Possible ion structures for the fragmentation of tryptic peptide crosslinked to the dinucleotide (dGdU) after DNase I digestion as proposed by Golden et al [31]. The blue line on the right of each diagram represents the peptide moiety in the heteroconjugate.

Figure 13

Chromatography and Mass spectra of peptide HLIFCHSK crosslinking with dGdU. (A) Chromatograph shows that the peptide eluted at 6.92 minutes. (B) MS spectrum of the crosslinked peptide. CLPM calculated that the doubly-charged precursor ion 770.808 (2H+) has a mass value of 1539.6326Da, which closely matches this crosslinked peptide whose expected mass is 1539.620394Da. The mass difference is 7.93 ppm. The triply-charged ion of this crosslinked peptide can also be found at 514.2 (3H+). In the MS/MS spectrum (C), fragmentation led to some b, y-type and internal fragments of the peptide and of the nucleic acids that were assigned to some of the peaks as shown.

Figure 14

The locations of H-369 (yellow) and deoxyuridines (green) within the NS3h crystal structure are in close proximity. H-369 is located within domain 2, and protrudes into the channel where the oligonucleotide binds near the 5' end. A peptide (364–372: HLIFCHSK) (red) was identified by CLPM as the site of photocrosslinking.

Discussion

CLPM finds crosslinked peptides derived from crosslinking reactions of one or two known proteins in addition to identifying uncrosslinked peptides. By treating the cleavable crosslinker or oligonucleotide as a type of modification to the peptides, CLPM can also be used to analyze the MS data of crosslinked peptides with cleavable crosslinkers and protein-DNA/protein-RNA heteroconjugates. By doing in silico digestion and in silico crosslinking, it generates a peptide pool including both crosslinked and uncrosslinked peptides. The mass of each peptide will be compared at least once to the calculated masses of the precursor peaks.
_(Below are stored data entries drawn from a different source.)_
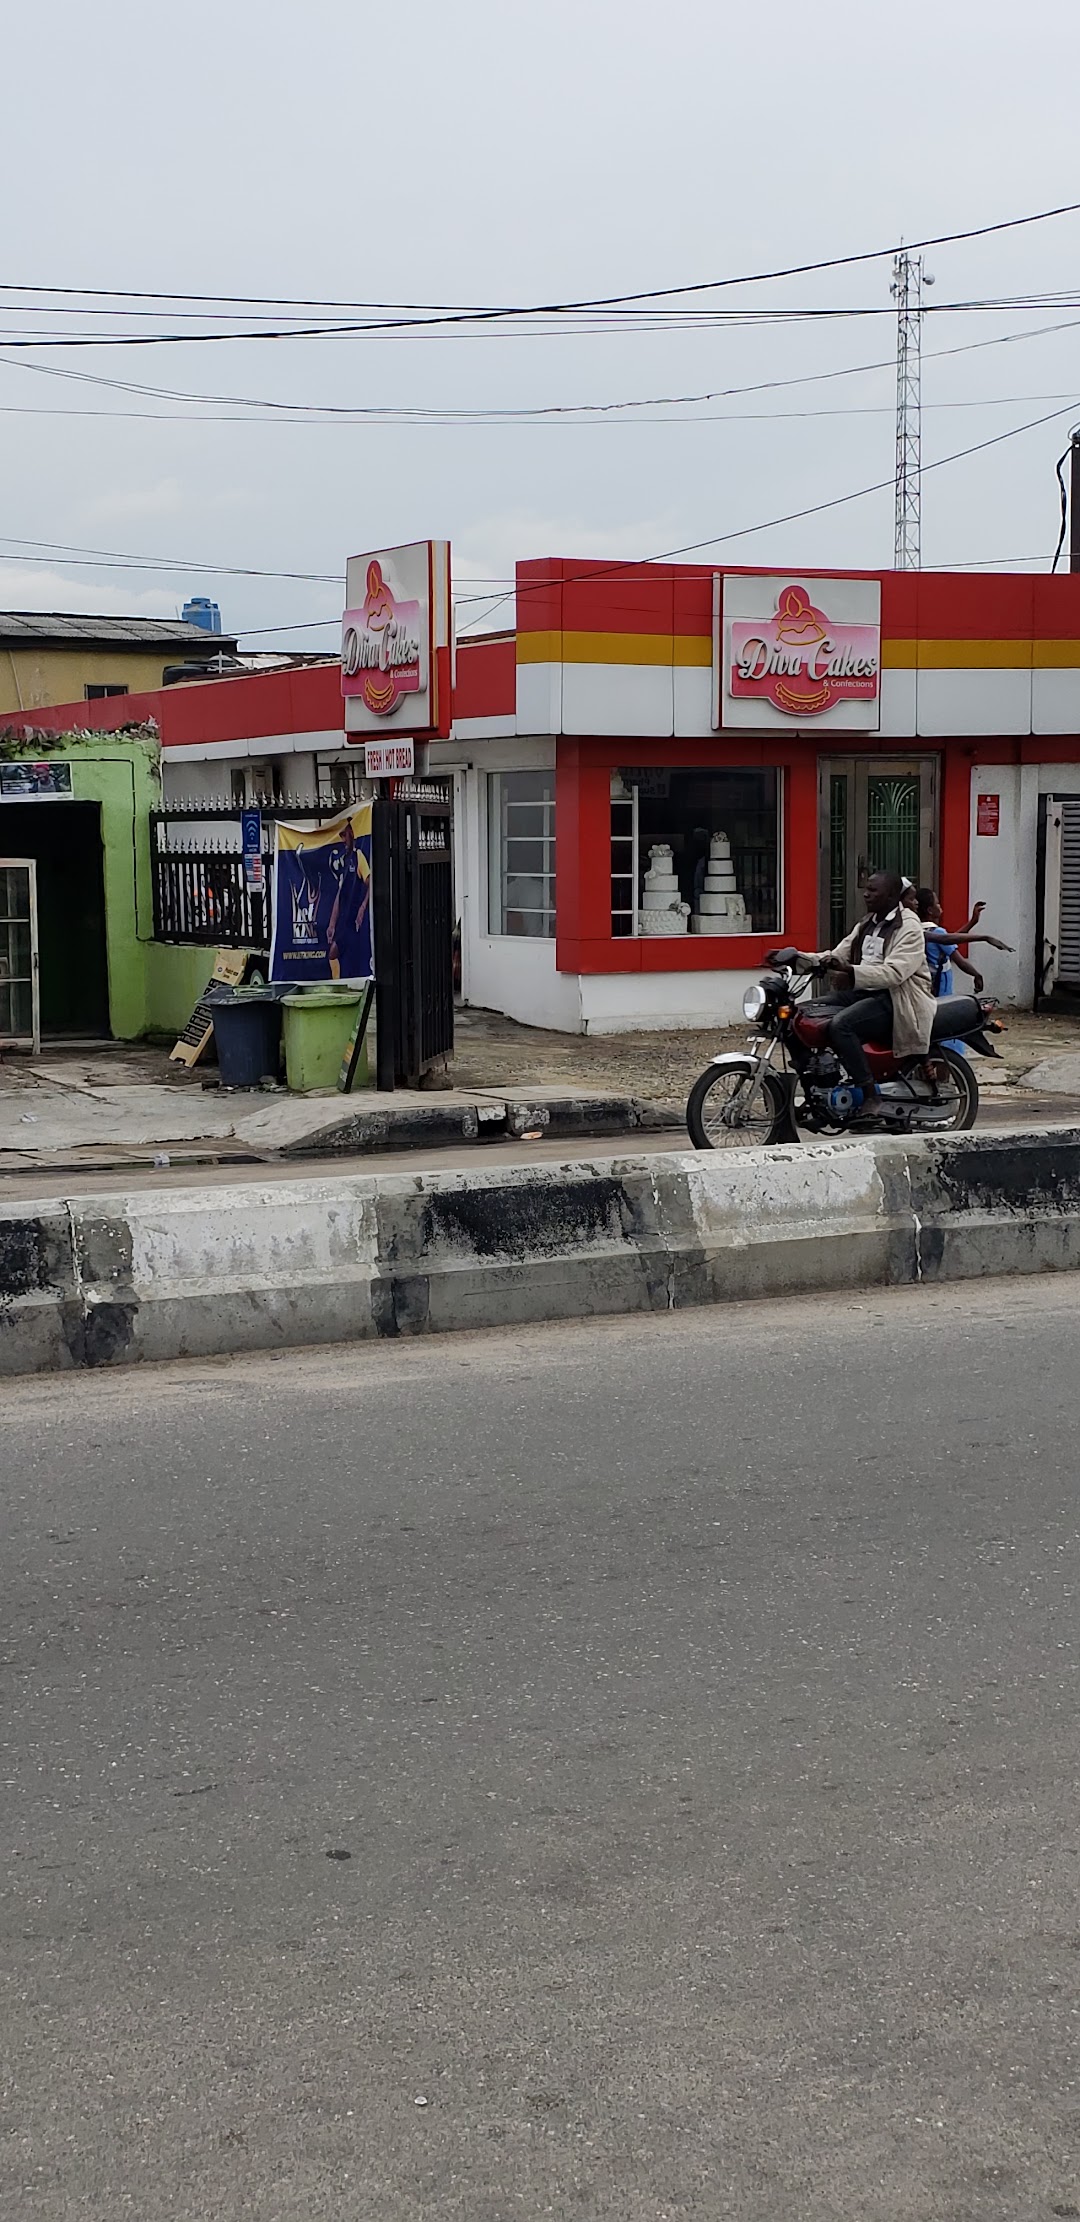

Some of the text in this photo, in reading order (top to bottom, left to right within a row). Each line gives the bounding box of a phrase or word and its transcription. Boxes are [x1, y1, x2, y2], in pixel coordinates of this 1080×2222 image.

[341, 621, 419, 675] Diva Cakes
[736, 637, 878, 680] Diva Cakes
[831, 680, 874, 688] Confections
[368, 749, 383, 771] FRESH
[385, 748, 395, 770] HOT
[396, 746, 412, 769] BREAD
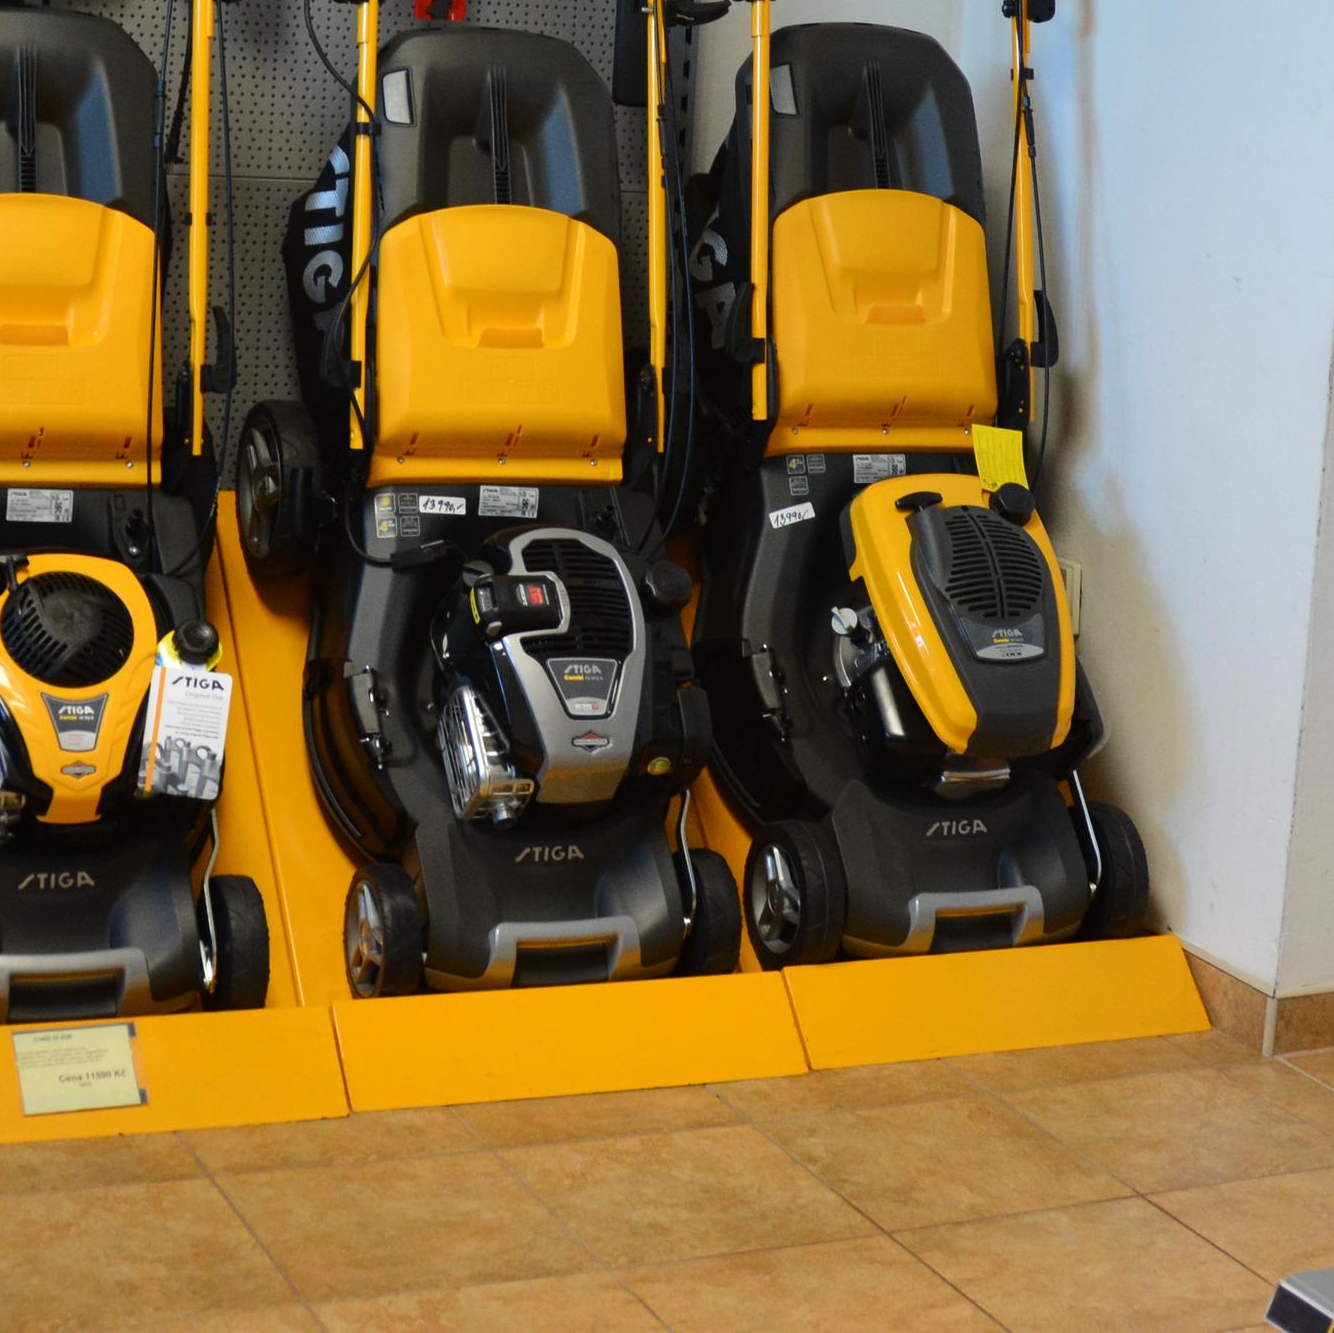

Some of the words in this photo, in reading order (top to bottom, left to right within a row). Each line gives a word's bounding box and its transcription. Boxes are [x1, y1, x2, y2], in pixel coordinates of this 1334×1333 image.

[992, 629, 1023, 638] STIGA
[564, 665, 602, 675] STIGA
[172, 676, 225, 691] STIGA
[58, 704, 95, 716] STIGA
[926, 820, 988, 837] STIGA
[515, 845, 585, 864] STIGA
[18, 871, 95, 891] STIGA
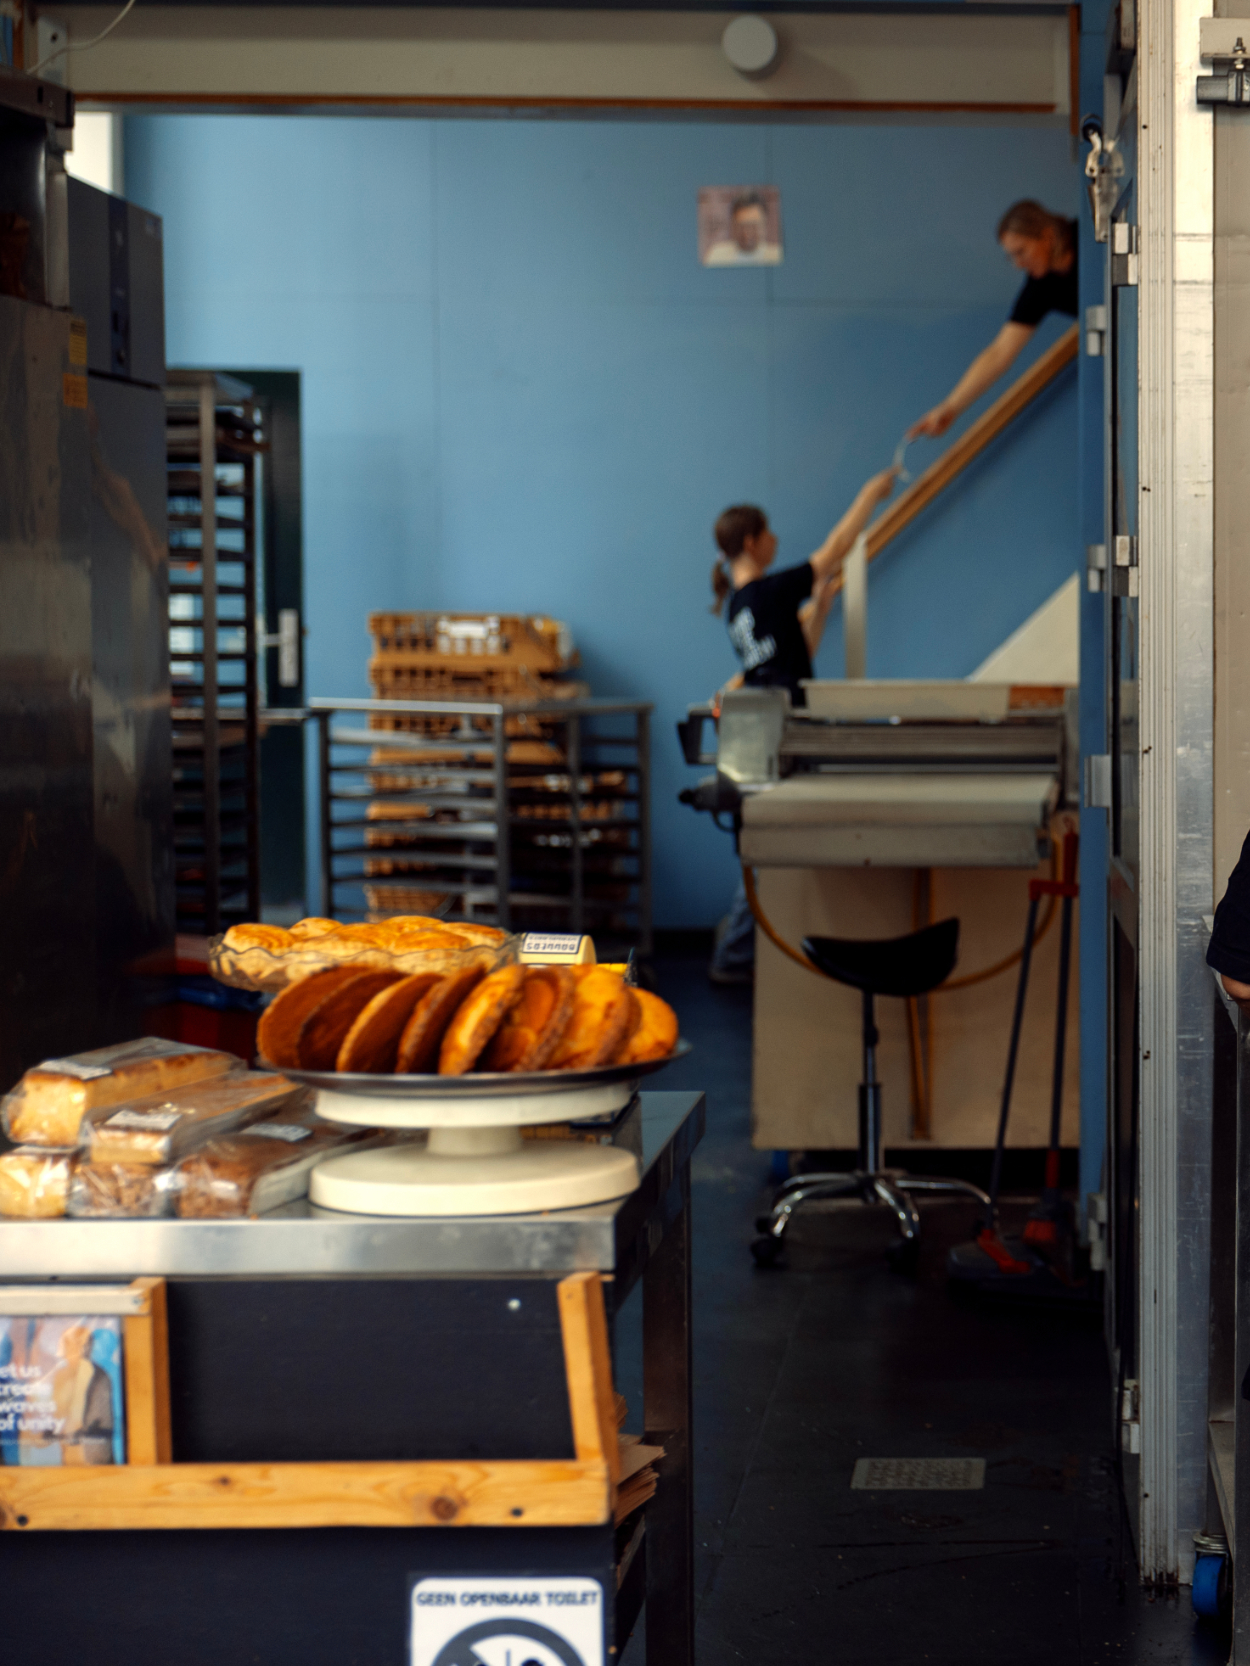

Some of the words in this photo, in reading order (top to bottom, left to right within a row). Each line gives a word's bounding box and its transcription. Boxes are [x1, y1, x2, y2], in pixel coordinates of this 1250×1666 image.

[17, 1414, 66, 1435] unity
[416, 1591, 457, 1606] GEEN
[460, 1591, 541, 1606] OPENBAAR
[545, 1590, 599, 1606] TOILET
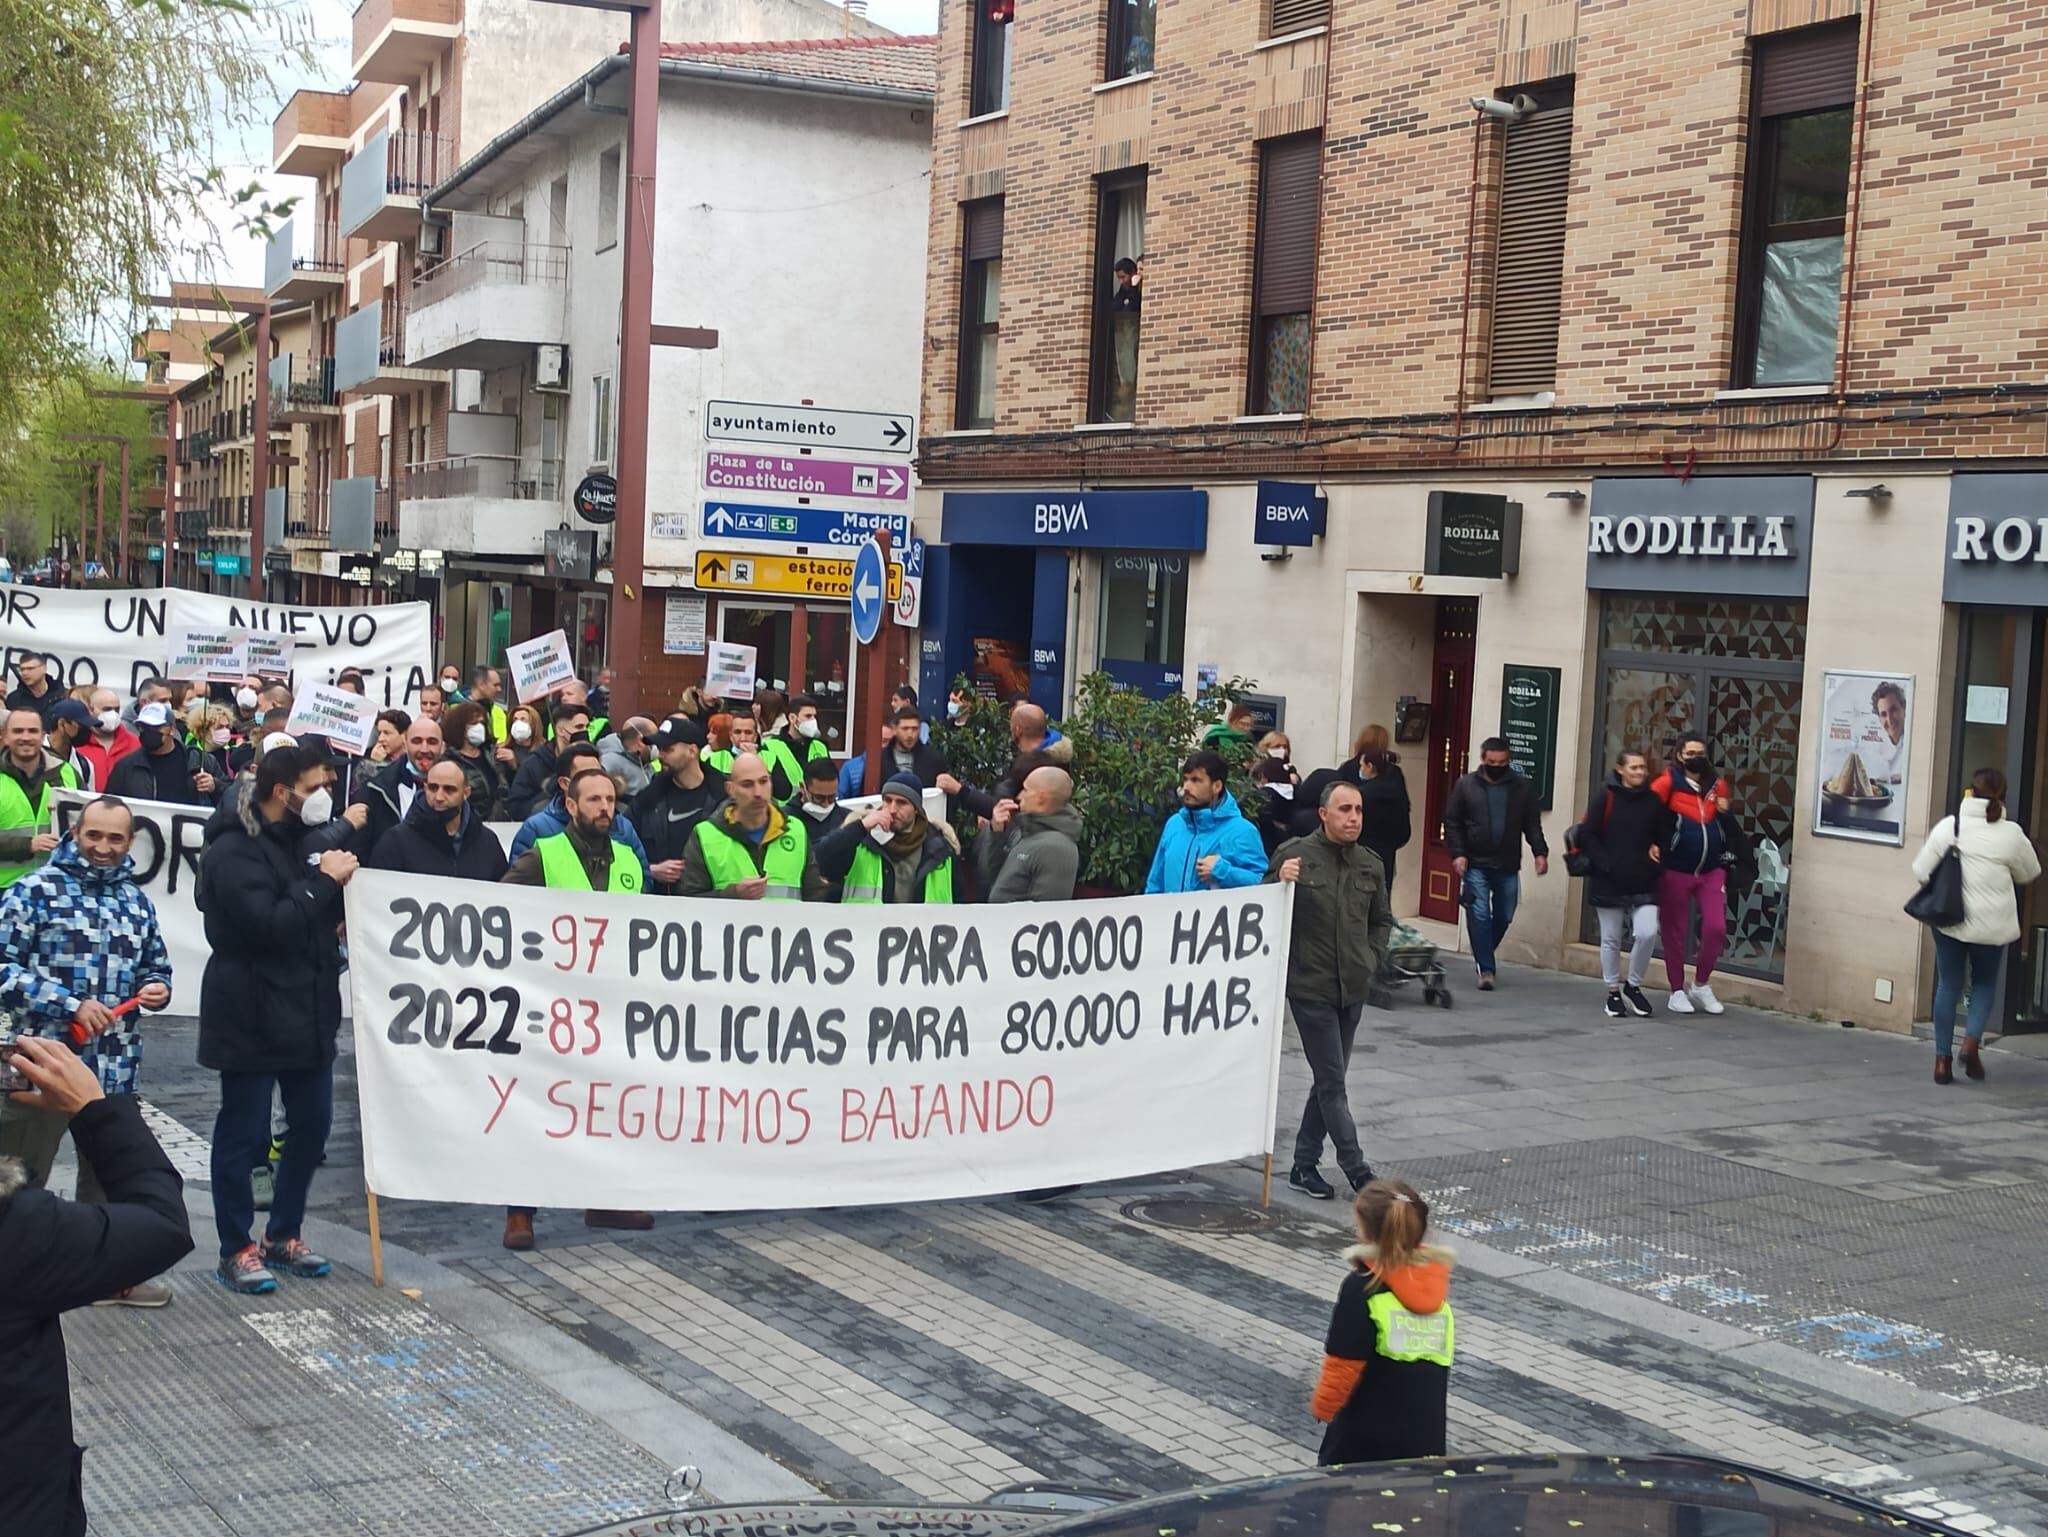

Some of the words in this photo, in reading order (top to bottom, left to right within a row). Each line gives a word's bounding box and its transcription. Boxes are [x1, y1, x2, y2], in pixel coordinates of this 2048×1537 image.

CLPM determines whether or not a precursor peak matches a peptide by calculating the mass-difference between the observed masses and the theoretical masses. If the mass-difference is within a specified error tolerance, then the peptide is considered to match the precursor peak. Starting first with unmodified peptide matches, CLPM tries to avoid false positive hits with the myriad of potential derivatives. If an unmodified peptide is found to be a match with one of the precursor peaks, no further comparisons will be made with any of the potential modified peptides. However, if an unmodified peptide can't be matched to any of the precursor peaks, CLPM will work with different combinations of modifications until a mass-difference within the error tolerance is found, if possible.

In the assessment with an uncrosslinked sample, CLPM successfully mapped all 34 peptides that were found by MASCOT. Further analysis of the 11 peptides uniquely found by CLPM showed that the corresponding precursor peaks were also assigned by MASCOT to other peptides outside the BSA protein and with insignificant scores. The accuracy of MASCOT's results could have been impaired by the low quality of the tandem MS data of those 11 peptides. In other words, the finding of the 11 peptides only by CLPM but not by MASCOT doesn't necessary imply that they are false hits. In the assessment of the sample with a crosslinking reaction, both uncrosslinked and crosslinked peptides were correctly matched to precursor peaks. However, we should note that CLPM does not try to assign each and every observed precursor peak. Rather, CLPM starts with the theoretical peptides derived from the known input sequences. In the case of a peptide with several possible combinations of modifications, only the one with a mass-difference which is within the threshold and is the smallest among all derivates is considered a match. Experience finds this approach greatly reduces the number of false positives. This comes with a disadvantage that only one of several possible peaks which could be assigned to a peptide will be shown as a match.

In the analysis of the NS3h-DNA photochemical crosslinked complex, the possible DNA remnants were treated either as crosslinkers or modifications. In both cases, the same results were derived from CLPM. This result was validated by an X-ray diffraction study, where a very close proximity between H-369 and DNA was shown. A unique challenge was introduced by the DNA moiety: even though some oligonucleotide fragmentation rules under positive-ion mode have been proposed and approved [3032], there are still many irregularities (e.g., the uncertain number of hydrogen ions maintained by a phosphate group). This greatly increases the complexity of the MS/MS spectrum of peptide-DNA heteroconjugate, which in-turn makes the direct sequence confirmation very difficult. CLPM requires only MS data instead MS/MS data as its input. As long as the mass of DNA moiety was correctly specified, CLPM will map the crosslinked peptide based on its total mass. In the case of uncertain DNA moiety structures, such as in an uncertain degree of DNase degradation, all possible moieties could be selected. CLPM will derive all probable heteroconjugates which can guide further mutagenesis or other corroboration studies.

MS-based methods continue to be the foundation of proteomic analysis [37]. Several other MS-based algorithms such as X-Link [38], NIH-XL [39] and FindLink [40] have been reported to have the abilities to analyze mass spectrometric data of crosslinked reactions. Instead of the best-match approach used in CLPM, X-Link finds all possible crosslinked species solely based on their masses and then identifies the correct species by comparing the expected fragmentation patterns to observed MS/MS data [38]. Moreover, none are freely and publicly available via the Web. To our knowledge, no further detail descriptions of these algorithms have been reported.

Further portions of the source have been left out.